RECORDS FOR THIS TASK ▸

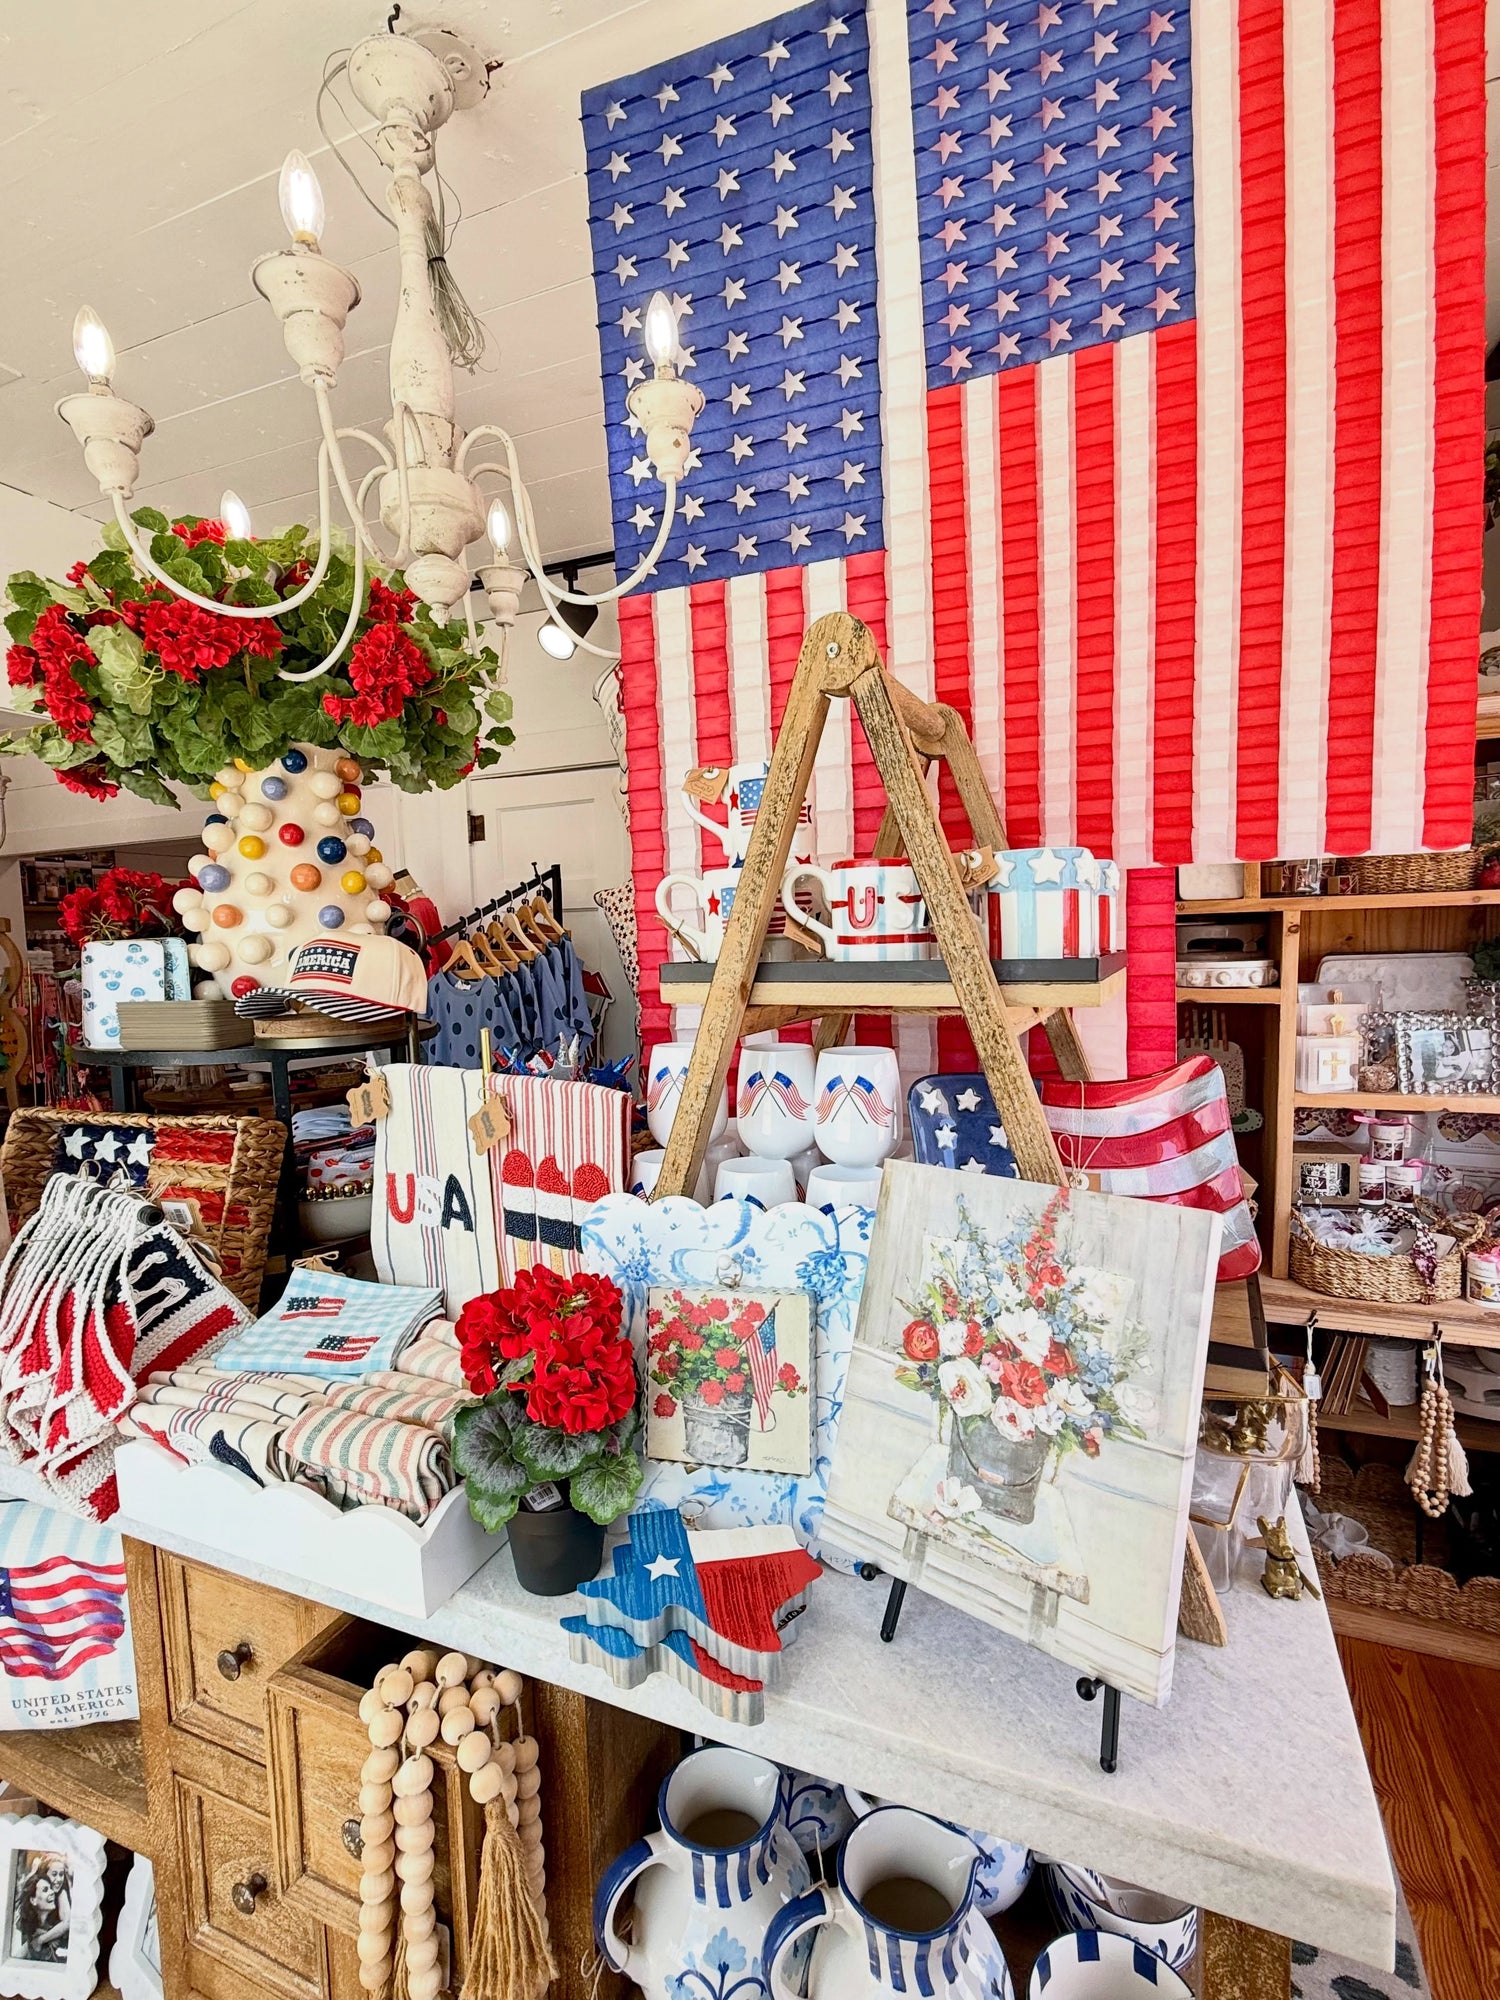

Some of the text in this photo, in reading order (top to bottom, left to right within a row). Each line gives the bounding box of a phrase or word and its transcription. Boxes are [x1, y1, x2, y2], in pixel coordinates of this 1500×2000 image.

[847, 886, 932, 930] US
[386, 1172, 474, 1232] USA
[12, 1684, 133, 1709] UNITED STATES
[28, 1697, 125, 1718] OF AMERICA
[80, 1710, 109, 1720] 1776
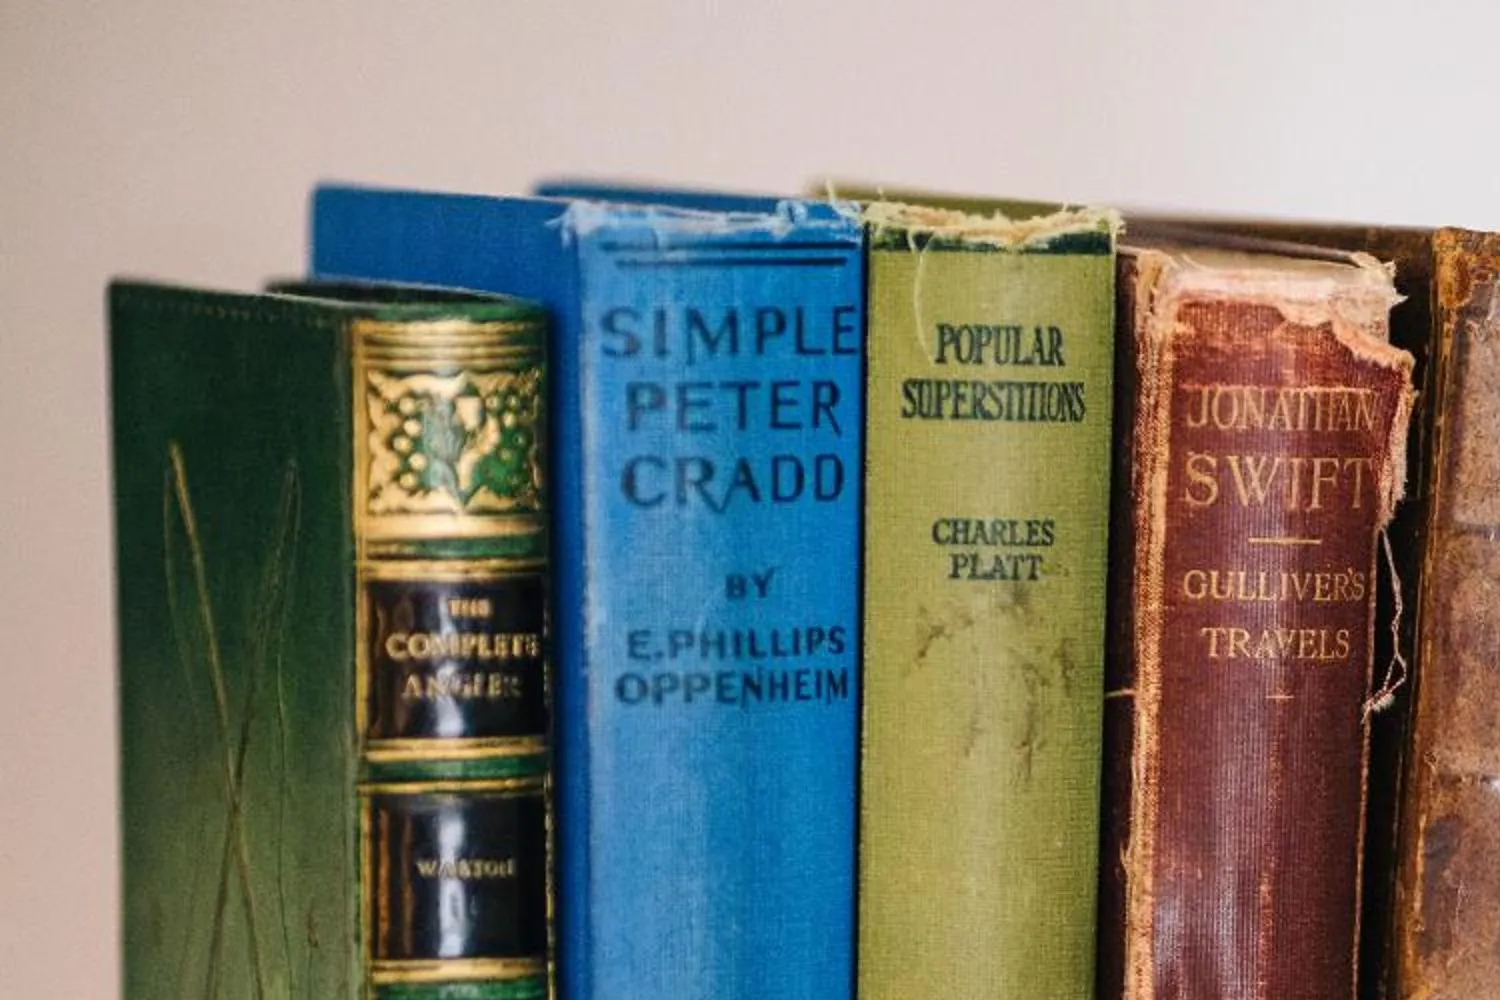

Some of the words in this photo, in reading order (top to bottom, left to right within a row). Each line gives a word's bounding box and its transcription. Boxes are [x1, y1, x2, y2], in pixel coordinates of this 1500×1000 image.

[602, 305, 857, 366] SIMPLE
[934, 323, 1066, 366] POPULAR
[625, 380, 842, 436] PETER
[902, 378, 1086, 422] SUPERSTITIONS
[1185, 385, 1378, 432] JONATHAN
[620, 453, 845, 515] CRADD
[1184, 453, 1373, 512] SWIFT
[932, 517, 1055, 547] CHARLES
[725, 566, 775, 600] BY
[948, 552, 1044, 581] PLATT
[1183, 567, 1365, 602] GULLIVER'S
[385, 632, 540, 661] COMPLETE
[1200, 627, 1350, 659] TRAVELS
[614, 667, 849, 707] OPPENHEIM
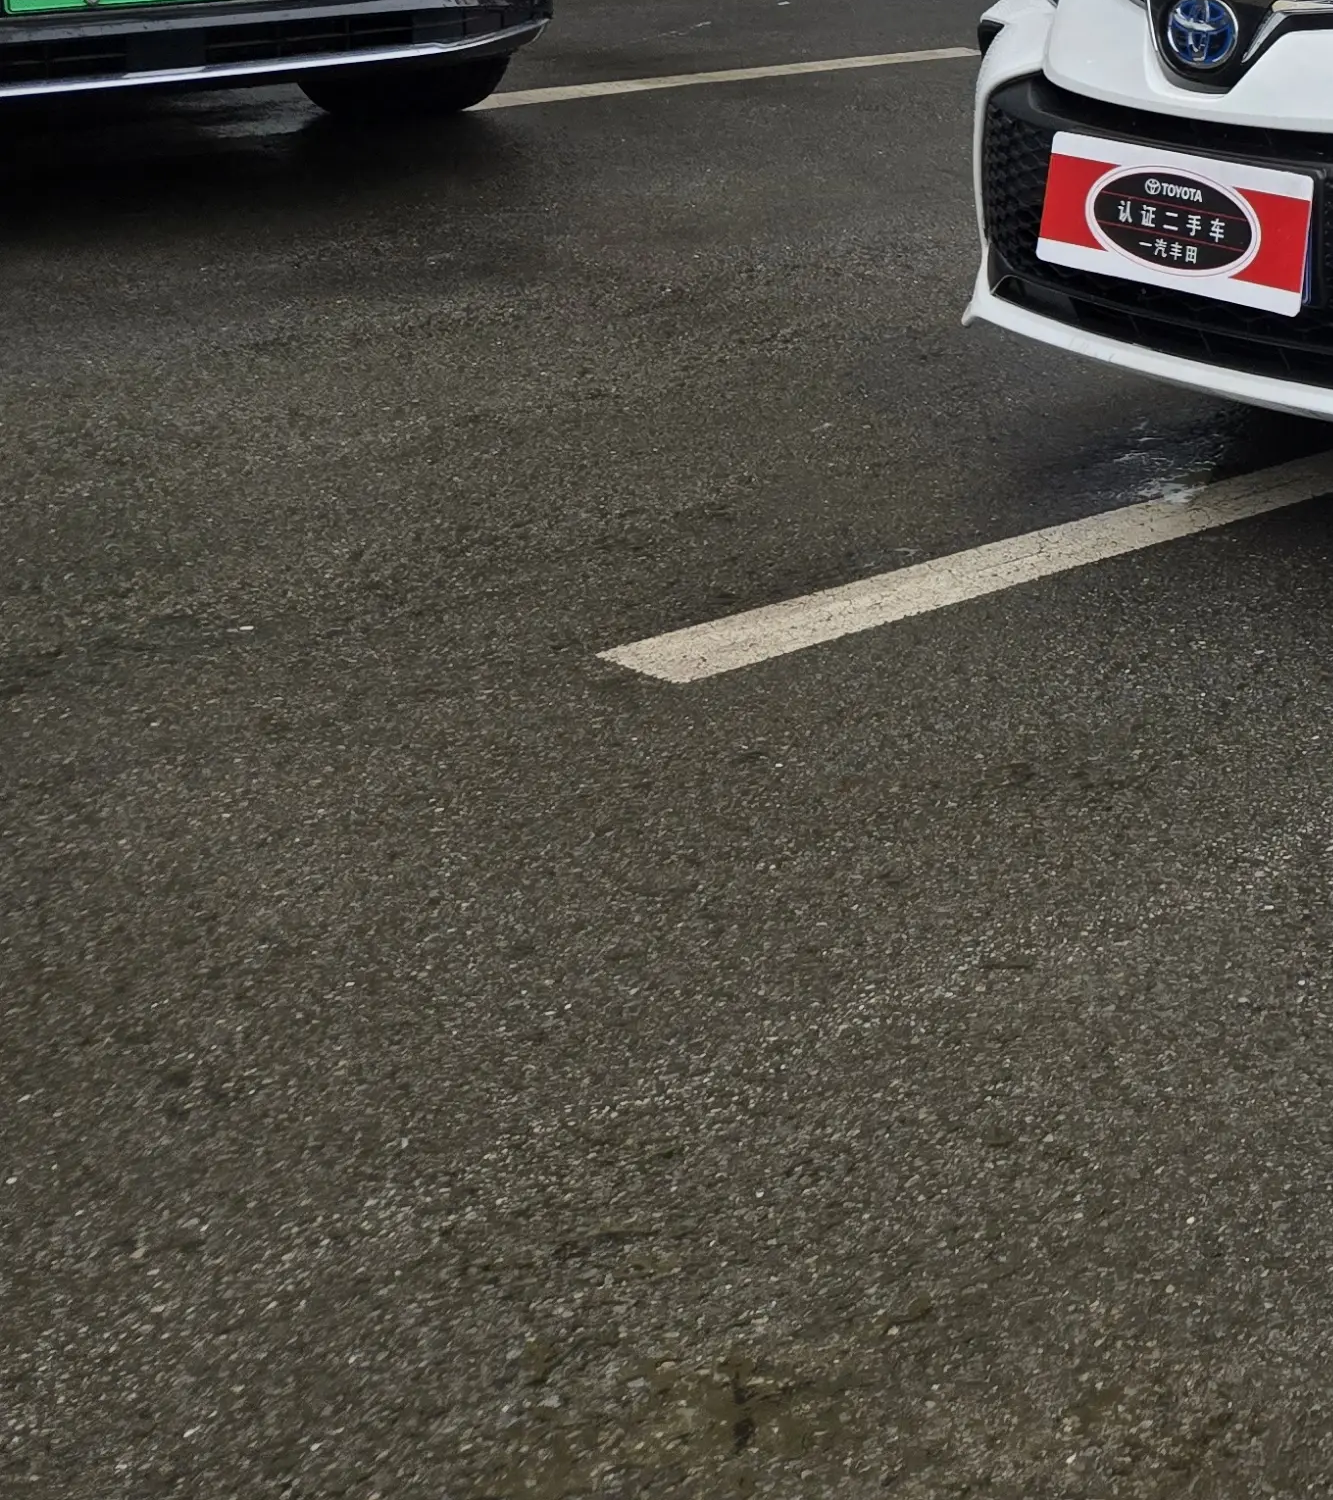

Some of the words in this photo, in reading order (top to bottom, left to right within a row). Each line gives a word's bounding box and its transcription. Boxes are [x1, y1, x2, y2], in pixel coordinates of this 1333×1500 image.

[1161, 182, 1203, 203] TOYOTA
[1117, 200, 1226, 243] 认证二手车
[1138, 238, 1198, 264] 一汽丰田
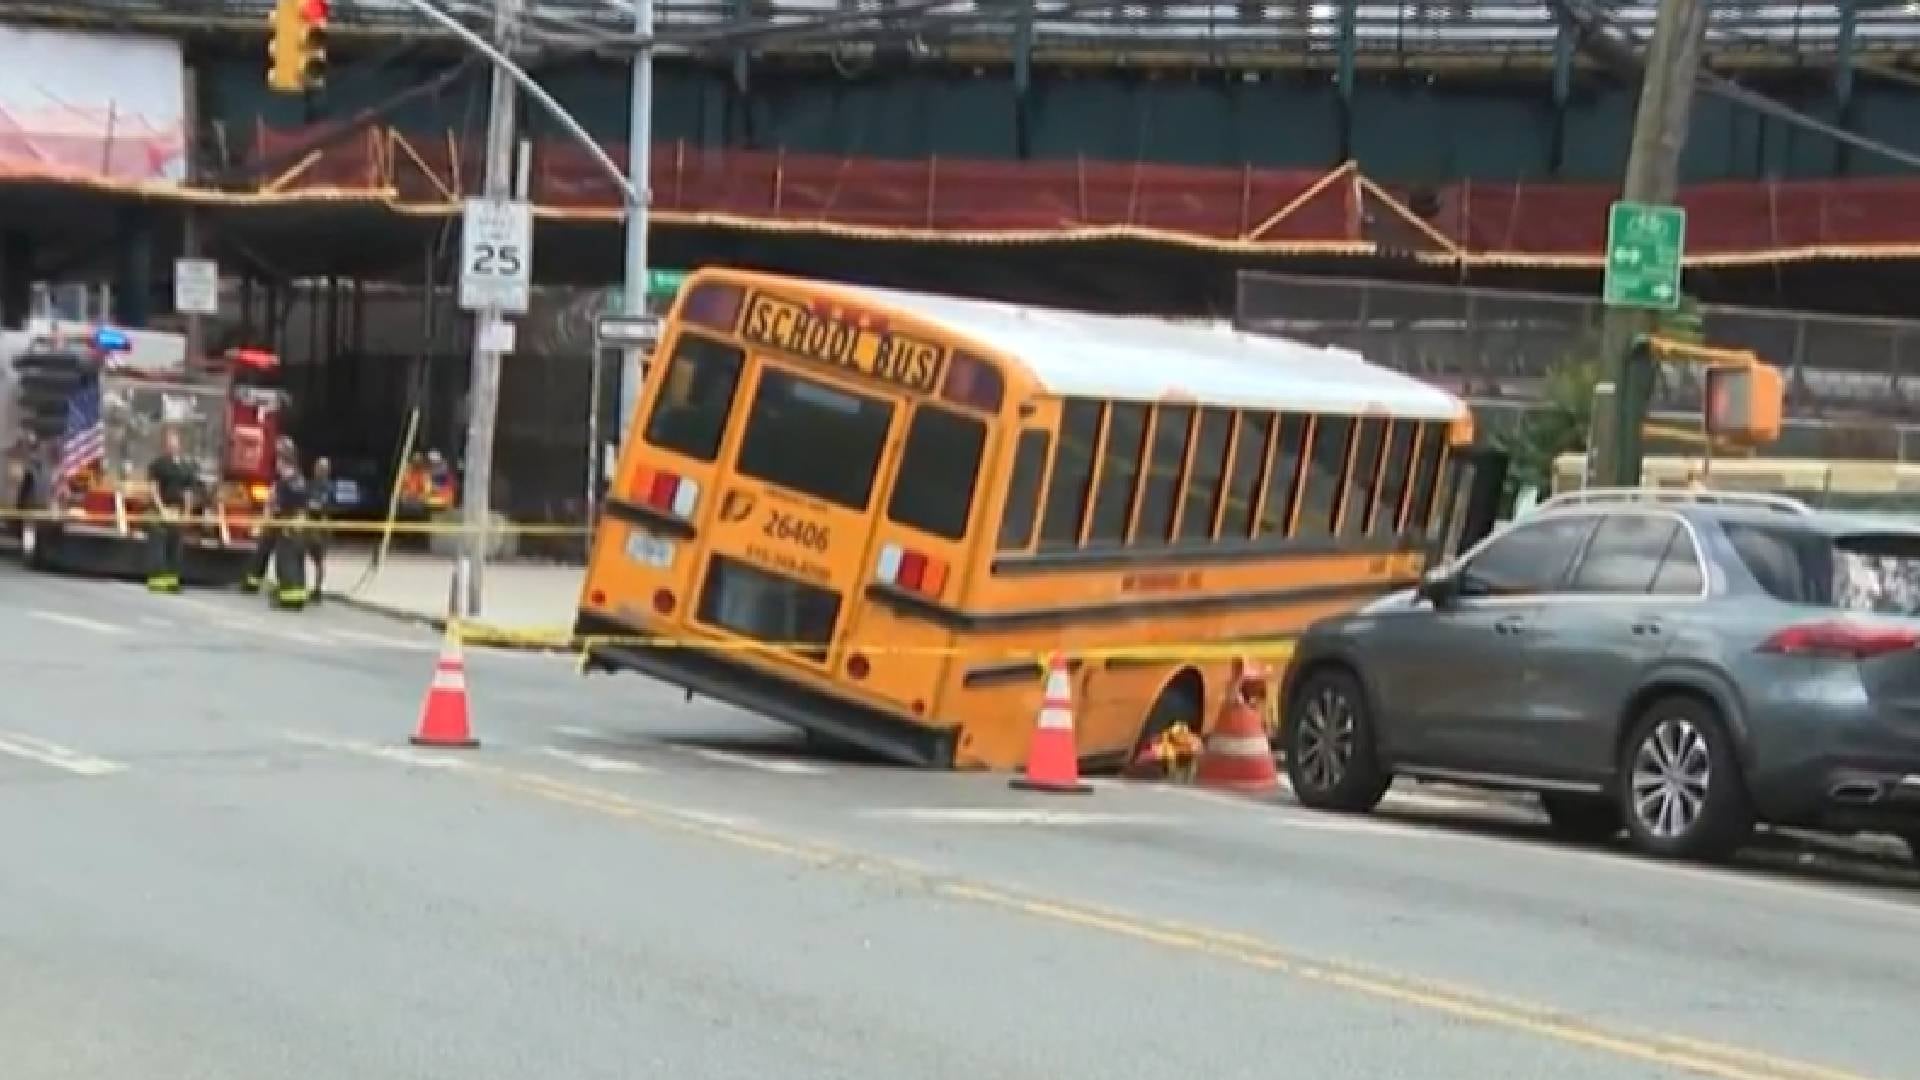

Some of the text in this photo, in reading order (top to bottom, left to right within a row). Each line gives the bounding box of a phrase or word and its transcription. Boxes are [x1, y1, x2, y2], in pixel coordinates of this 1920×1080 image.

WORK TO COMPLETE ▸
Copy exactly the lines from the line containing "this 1333×1500 image." through the last line of the records, both included, and omit every picture.

PROBLEM SOLUTION ▸
Some of the words in this photo, in reading order (top to bottom, left to right within a row). Each line gives a word's bounding box and its transcription. Boxes are [x1, y1, x2, y2], in pixel coordinates of this 1333×1500 image.

[1161, 182, 1203, 203] TOYOTA
[1117, 200, 1226, 243] 认证二手车
[1138, 238, 1198, 264] 一汽丰田

Some of the text in this photo, in reading order (top to bottom, left to right within a row). Each line gives the bounding box of a phrase or word and its transcription. Boxes are [x1, y1, x2, y2], in pixel coordinates of this 1920×1080 image.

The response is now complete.